Sunday, December 16, 2007

Google Interview Questions Part 1

A friend of mine was interview for a position in Google, he got this hard question asked:

"You have a list of numbers which some of them are negative and some of them are positive, find out the largest sum of sequential subset of numbers from this list."

For example:

-5, 20, -4, 10, -18

The solution is the subset [20, -4, 10] which its sum is 26

The solution for this question is not summary the positive numbers or sort the list because the subset needs to be sequential.

A possible not efficient answer would be to to calculate the summary of all the possible subsets in the list but the complexity of this solution is O(N^2)

However the interviewer wanted a solution of O(N) !!!

Let see you solve this problem in few minutes...

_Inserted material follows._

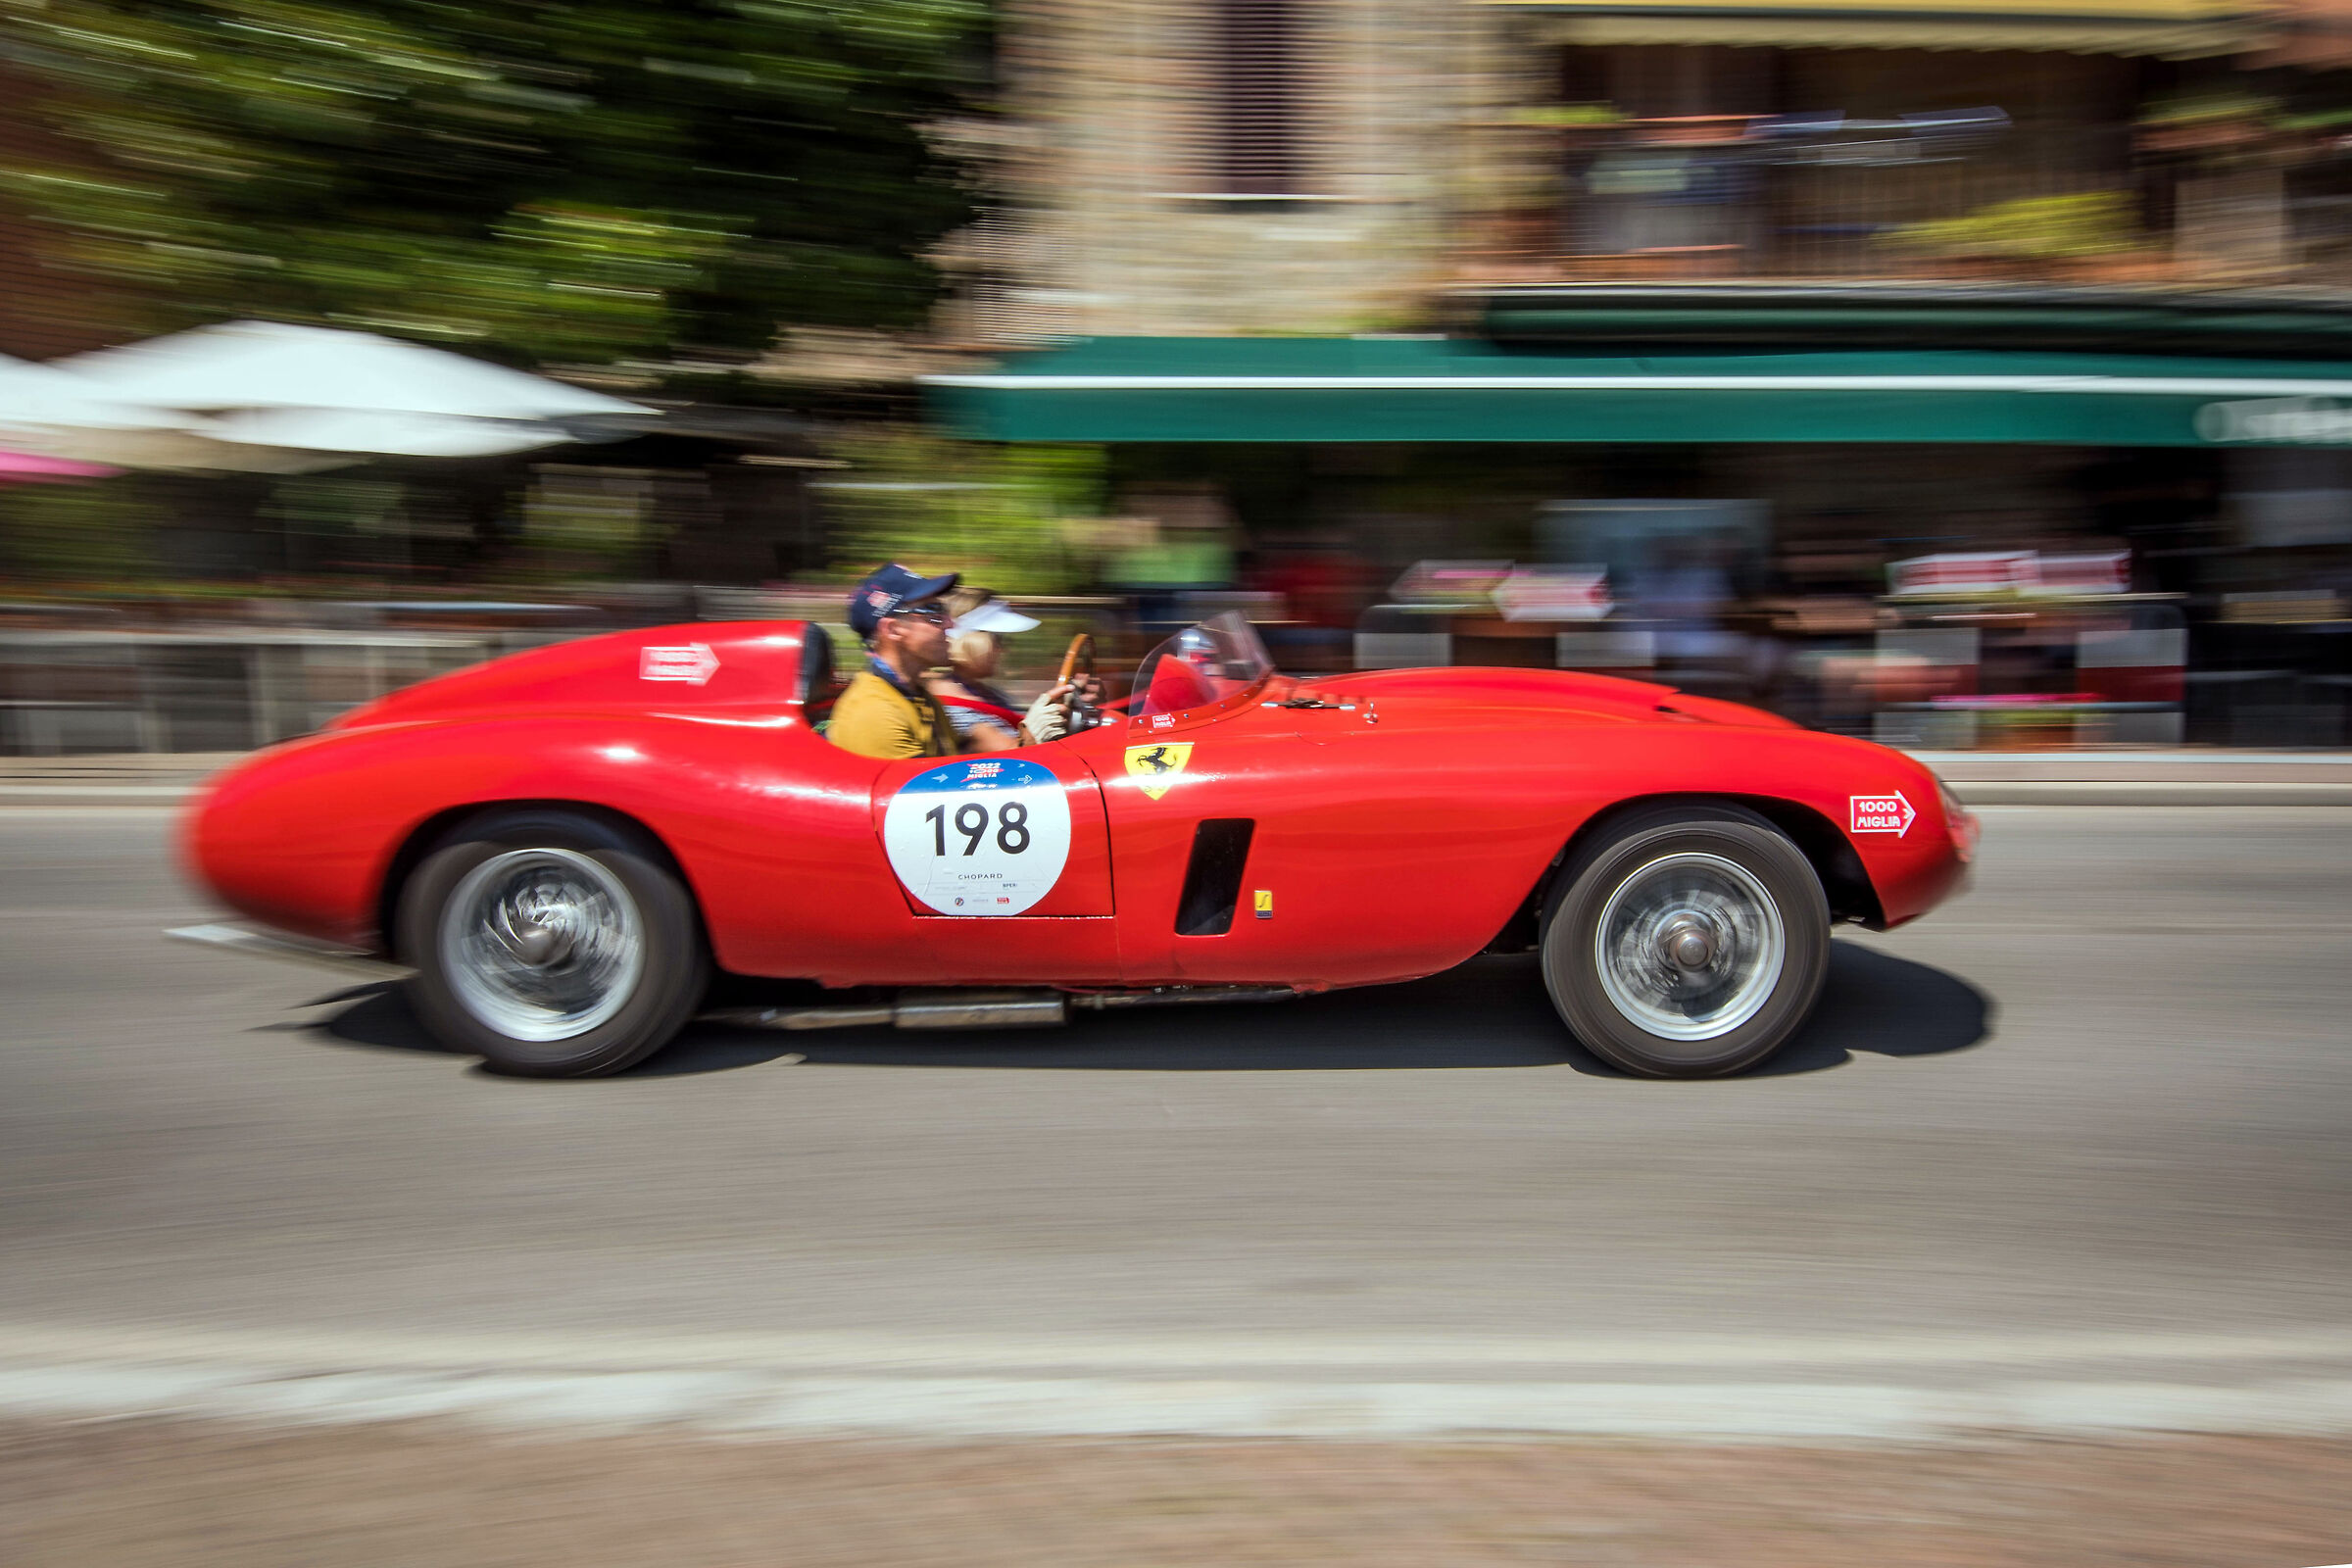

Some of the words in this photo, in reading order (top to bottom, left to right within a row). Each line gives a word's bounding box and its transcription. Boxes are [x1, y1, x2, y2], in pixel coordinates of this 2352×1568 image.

In the next post I would publish the solution

14 comments:

Anonymous said...

Run through the list but with two additional varaibles: Sum and int array where Sum is used to compare and hold max sum and int array is our solution :)

blogger said...

You can found the complete solution on this post:

google interview questions part 2

Anonymous said...

That's the tipical kind of problem you forget how to solve when you work for years using high level frameworks (in any language); in my career I have never seen a case where a problem of this complexity had to be solved.
I think I'll have to change the way I work or I'll become even dumber in the years to come!

Anonymous said...

that is just retarded, i heard about google dumb interviews, but this one is the best.

P.S. if they were smart they would ask about advance math. I just wonder what stupid biology questions they have, where is the liver? make it harder damn it, ask about small bones.

Anonymous said...

Any subset is a substring of the original string (thinking of a subarray as a substring)...

To find any substring, first find the start of the subtring and then the end.

When trying to find the start: When you hit a negative number, discard the substring.

Then find the ending (you need to reach the end of the string to know where it should end).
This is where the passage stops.